- Task to complete: Once the pictures are set aside, reproduce the entries below exactly.

Top of Data for the task

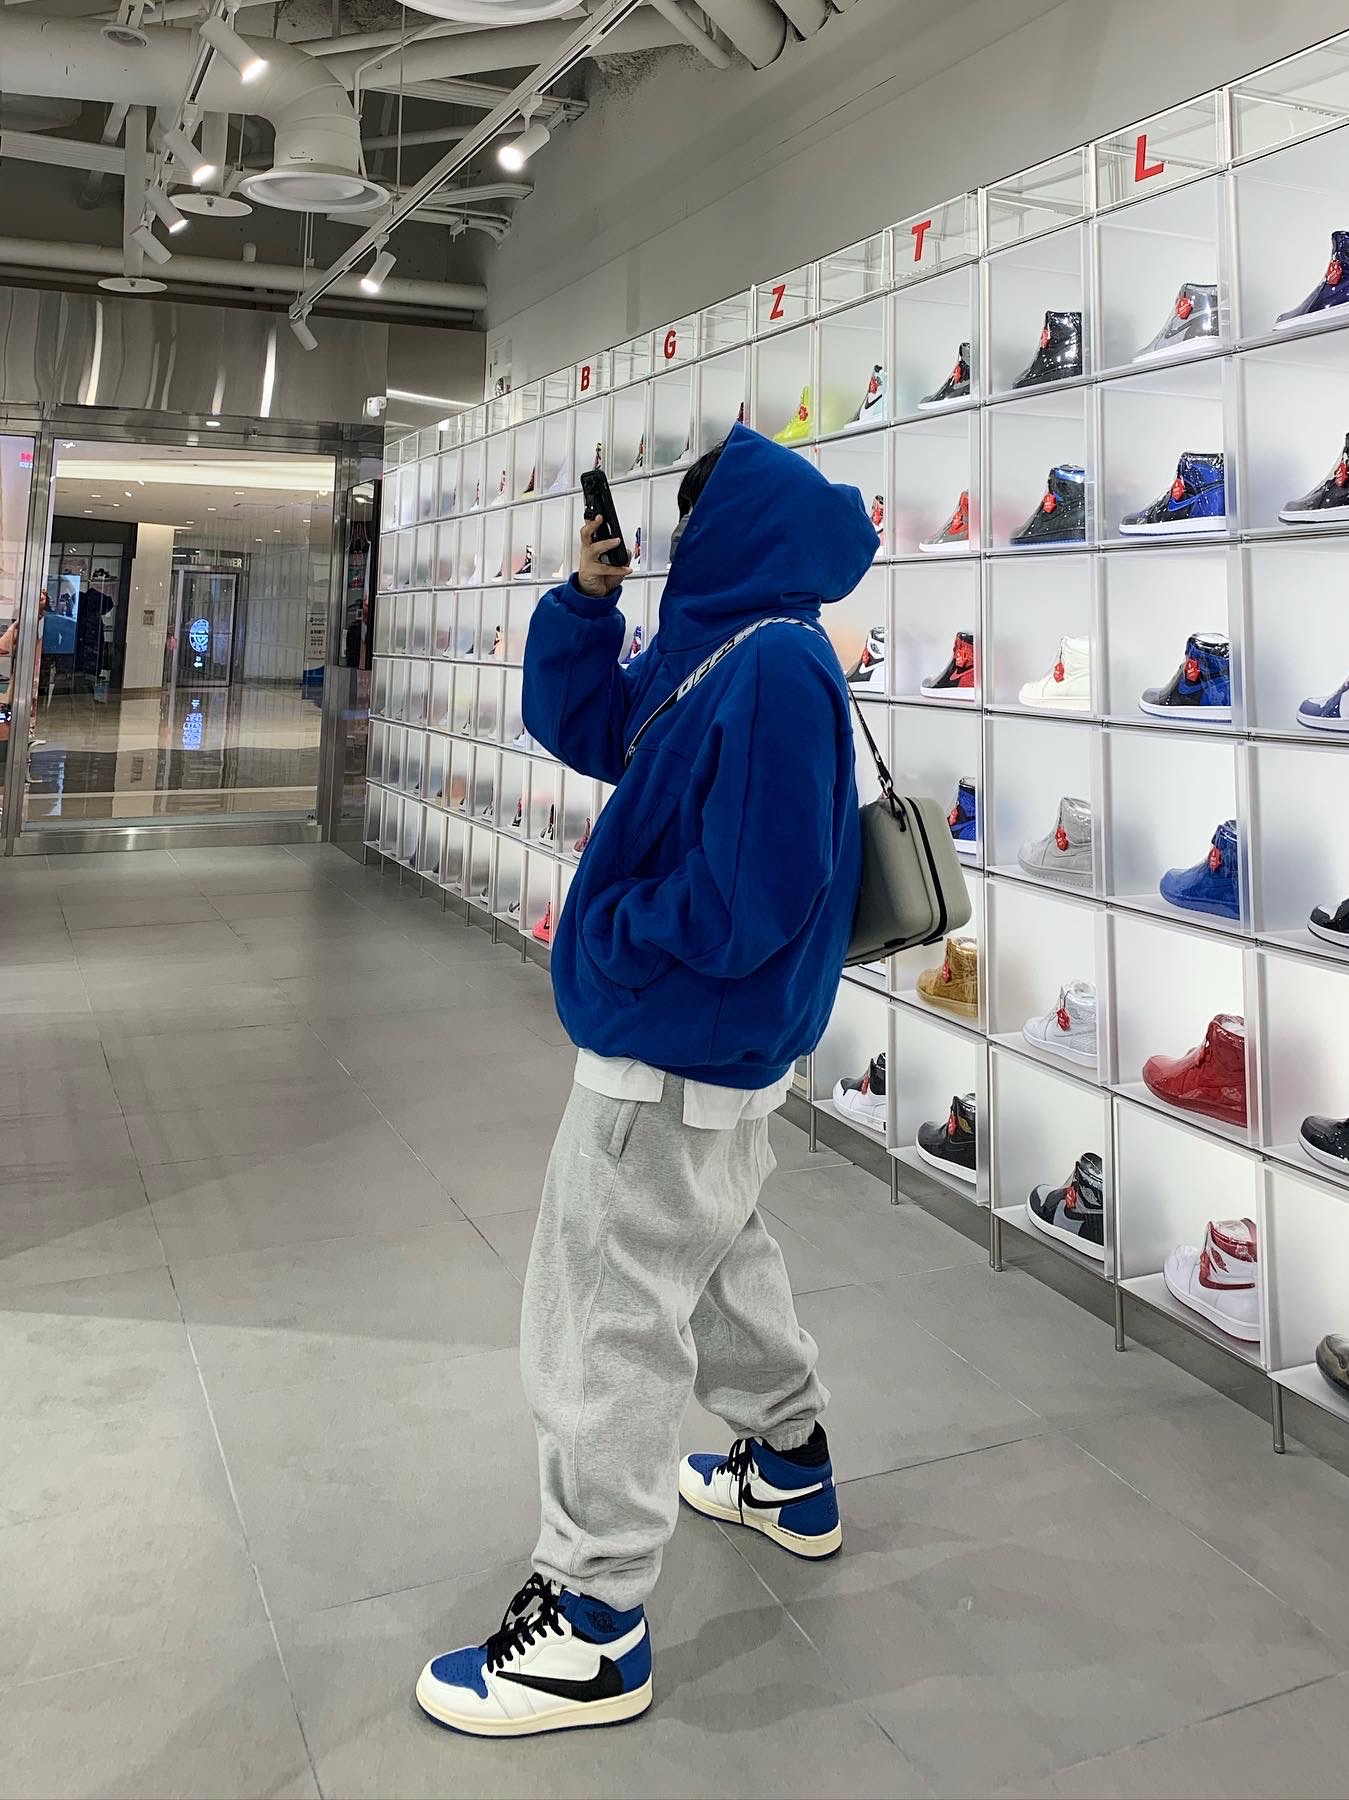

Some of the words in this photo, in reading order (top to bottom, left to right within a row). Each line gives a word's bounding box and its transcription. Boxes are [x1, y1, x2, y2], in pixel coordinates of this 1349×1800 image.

[1135, 134, 1164, 182] L
[912, 219, 931, 261] T
[770, 284, 784, 320] Z
[664, 330, 677, 359] G
[580, 367, 591, 391] B
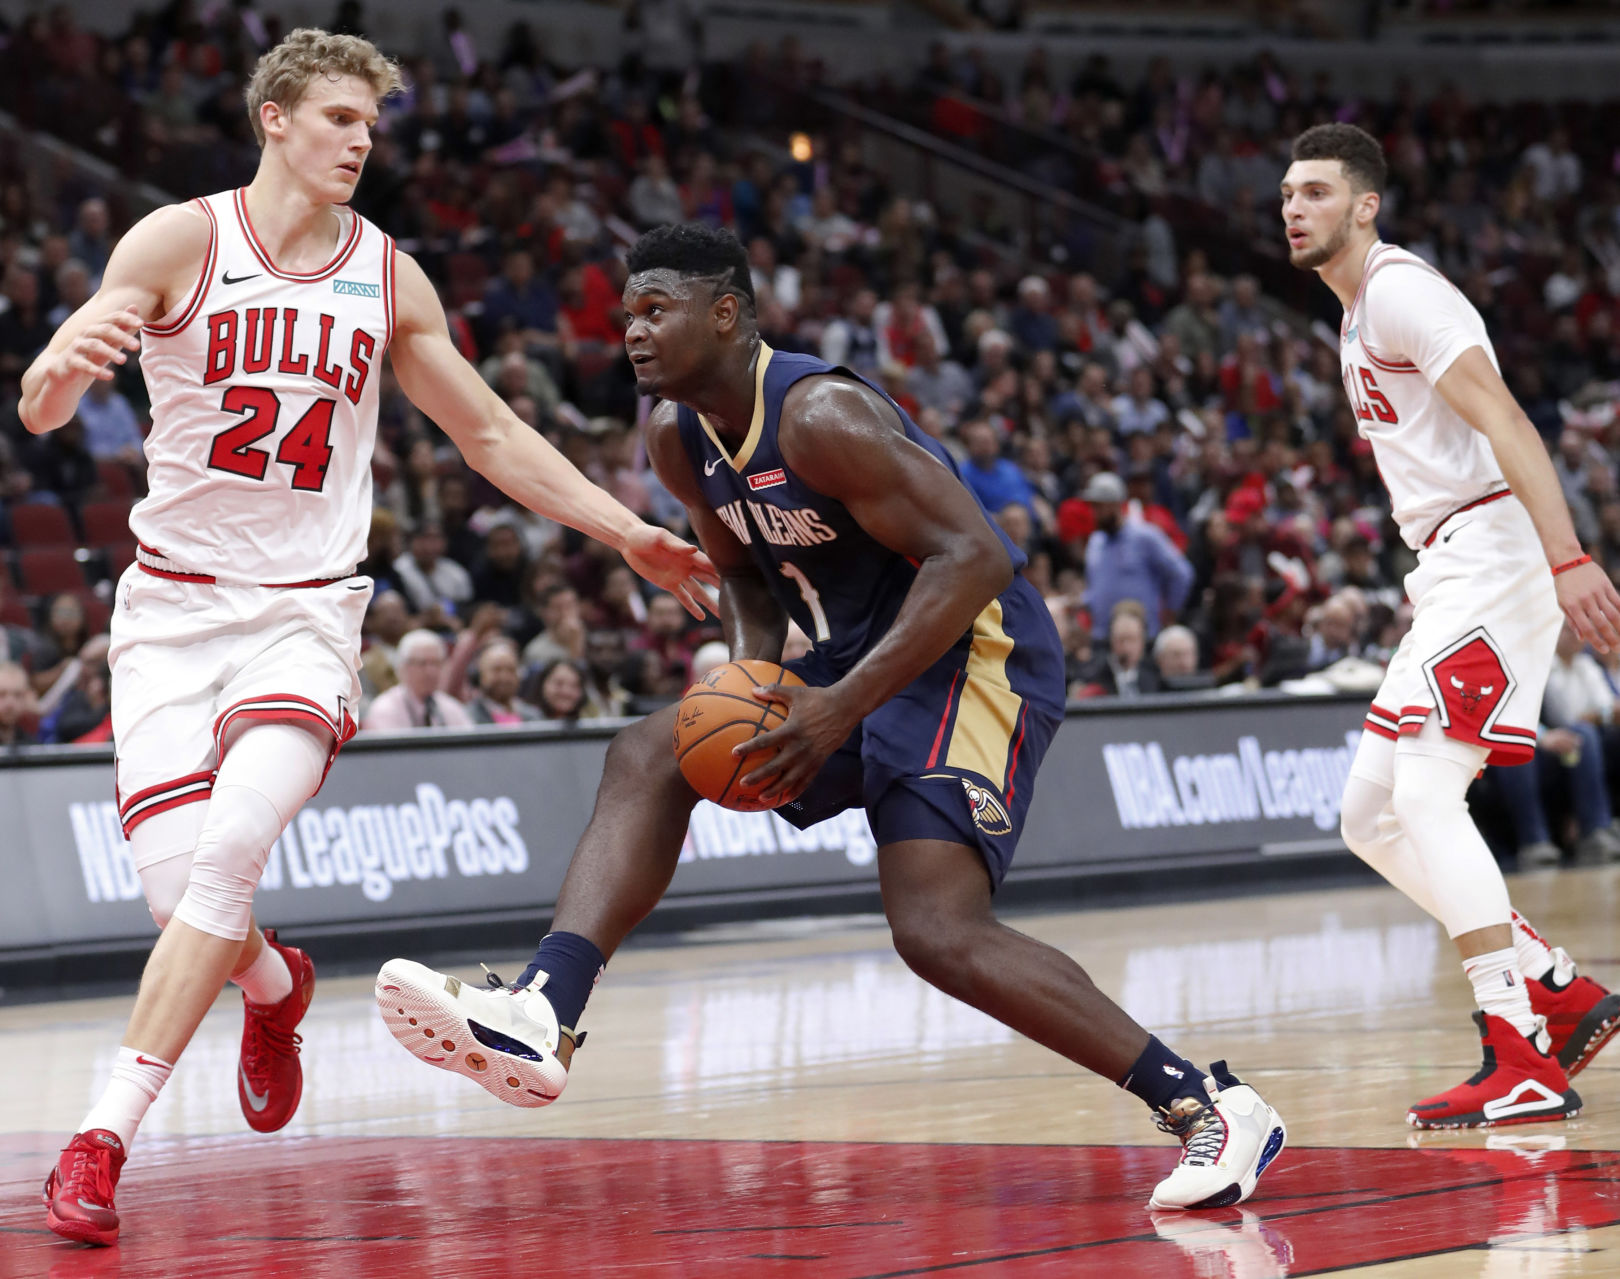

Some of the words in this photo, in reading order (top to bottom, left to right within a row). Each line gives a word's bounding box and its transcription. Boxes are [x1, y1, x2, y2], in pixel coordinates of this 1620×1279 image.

[334, 280, 380, 298] ZENNI
[203, 307, 376, 406] BULLS
[207, 385, 338, 493] 24
[779, 561, 831, 642] 1
[1102, 730, 1363, 831] NBA.com/League
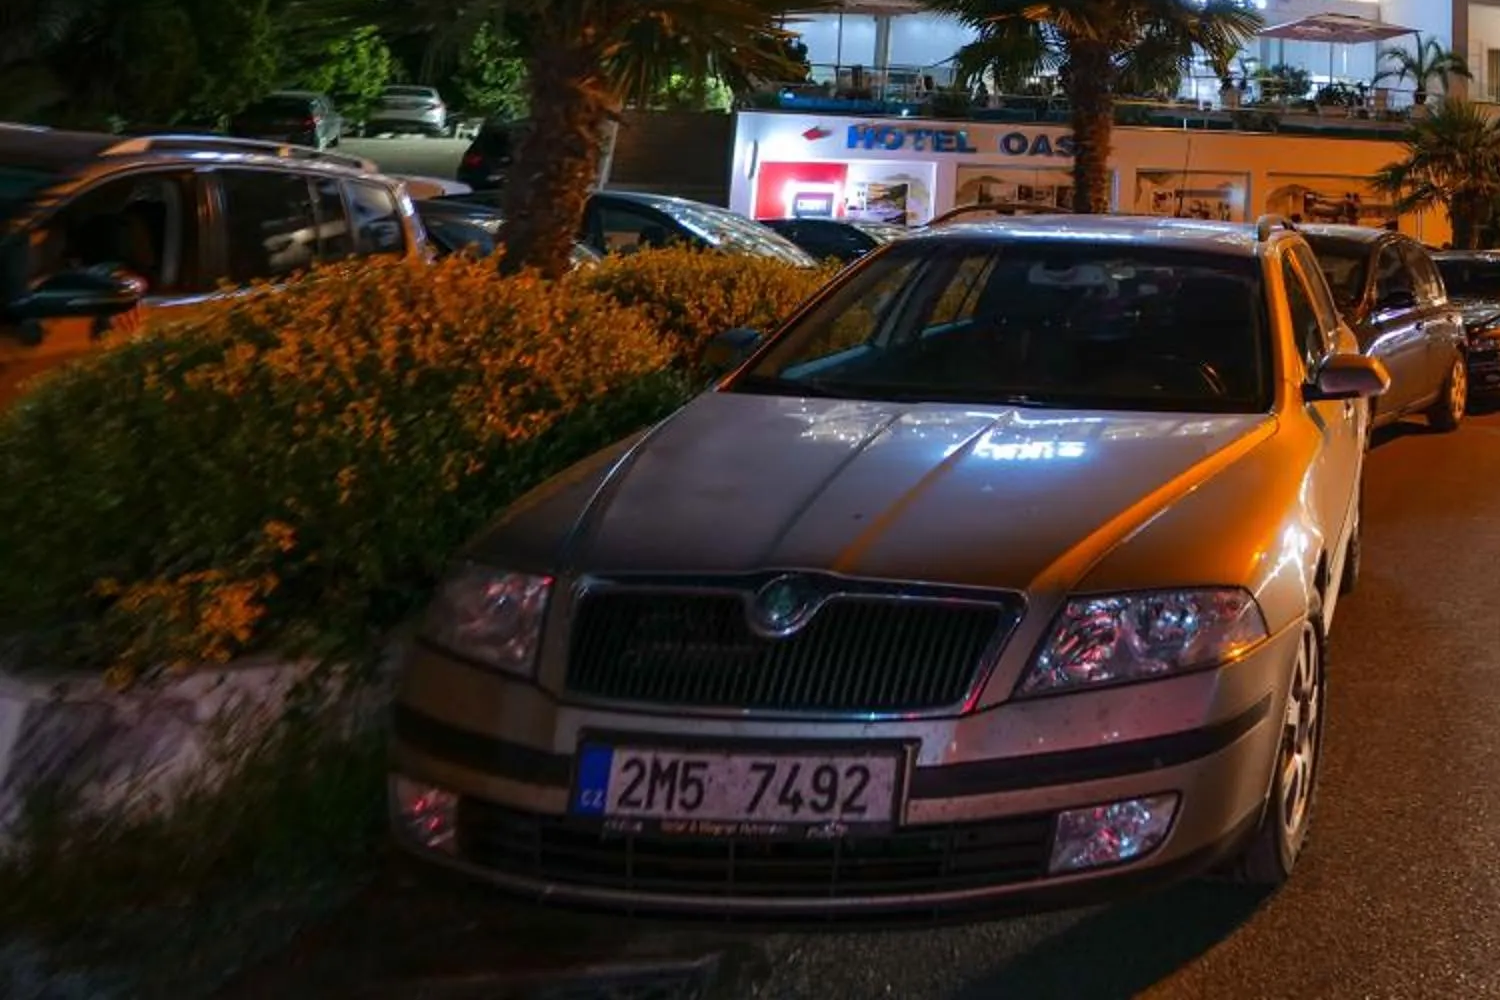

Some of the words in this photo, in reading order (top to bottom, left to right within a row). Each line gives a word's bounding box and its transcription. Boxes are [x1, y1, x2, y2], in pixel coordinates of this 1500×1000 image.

[847, 124, 977, 154] HOTEL
[1000, 131, 1080, 158] OAS
[616, 759, 708, 812] 2M5
[745, 762, 871, 815] 7492
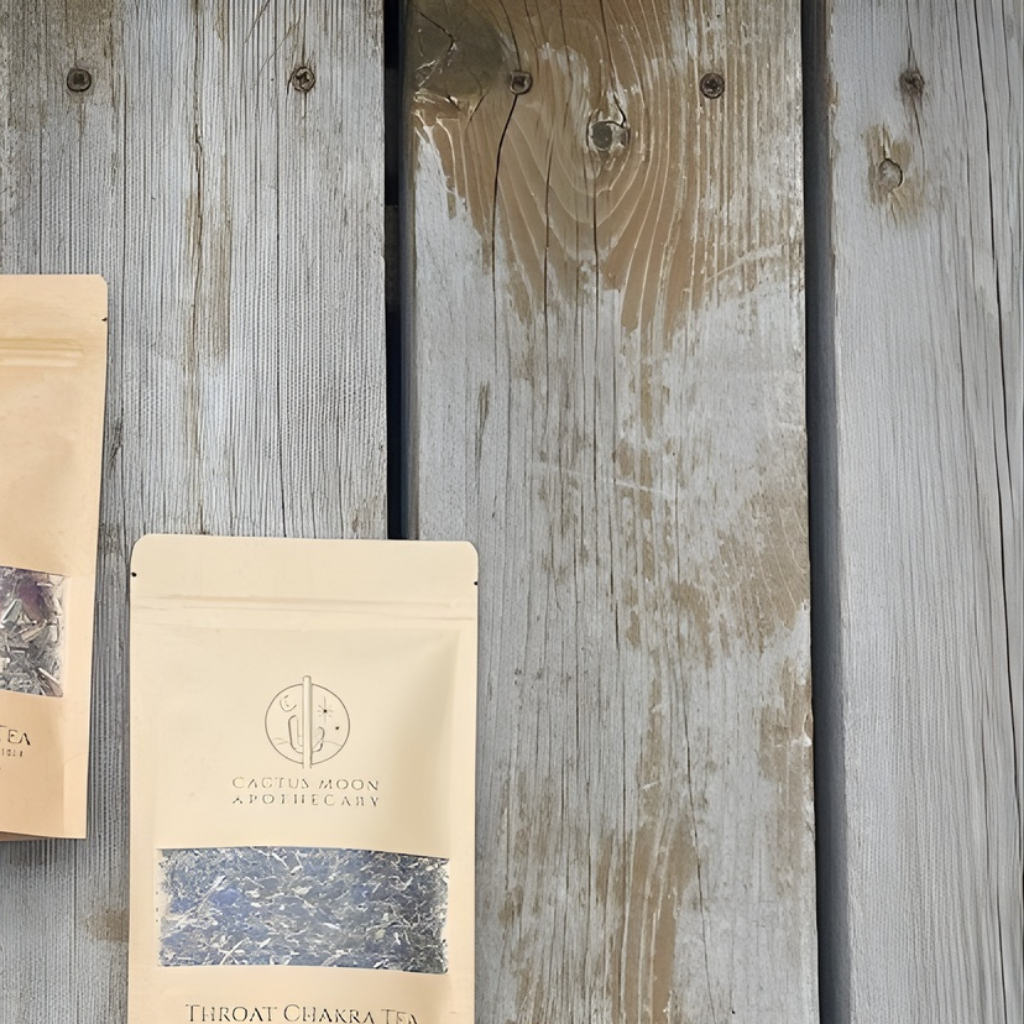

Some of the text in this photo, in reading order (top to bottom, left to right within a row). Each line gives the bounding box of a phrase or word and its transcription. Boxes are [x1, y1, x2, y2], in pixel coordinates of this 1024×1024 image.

Bottom of Data for the task

- Response below:
Some of the words in this photo, in reading order (top to bottom, left to right within a row). Each line gives a word's bounding box and its transcription. Boxes are [x1, y1, x2, y2], in pixel coordinates of this 1349×1800 image.

[1135, 134, 1164, 182] L
[912, 219, 931, 261] T
[770, 284, 784, 320] Z
[664, 330, 677, 359] G
[580, 367, 591, 391] B

Some of the words in this photo, in reading order (top to bottom, left to right within a row). Each line gives a word's bounding box and its transcription. Boxes are [x1, y1, x2, y2], in pixel coordinates of this 1620×1279 image.

[334, 280, 380, 298] ZENNI
[203, 307, 376, 406] BULLS
[207, 385, 338, 493] 24
[779, 561, 831, 642] 1
[1102, 730, 1363, 831] NBA.com/League

Some of the words in this photo, in reading order (top to bottom, left to right within a row). Each line gives a word's bounding box and its transcription. Boxes are [x1, y1, x2, y2], in pixel coordinates of this 1500×1000 image.

[847, 124, 977, 154] HOTEL
[1000, 131, 1080, 158] OAS
[616, 759, 708, 812] 2M5
[745, 762, 871, 815] 7492

Some of the text in this photo, in reading order (top to bottom, left to right within a row). Each line gives the bounding box of a phrase or word and its transcription. Boxes are [x1, y1, x2, y2], in pixel coordinates of this 1024×1024 image.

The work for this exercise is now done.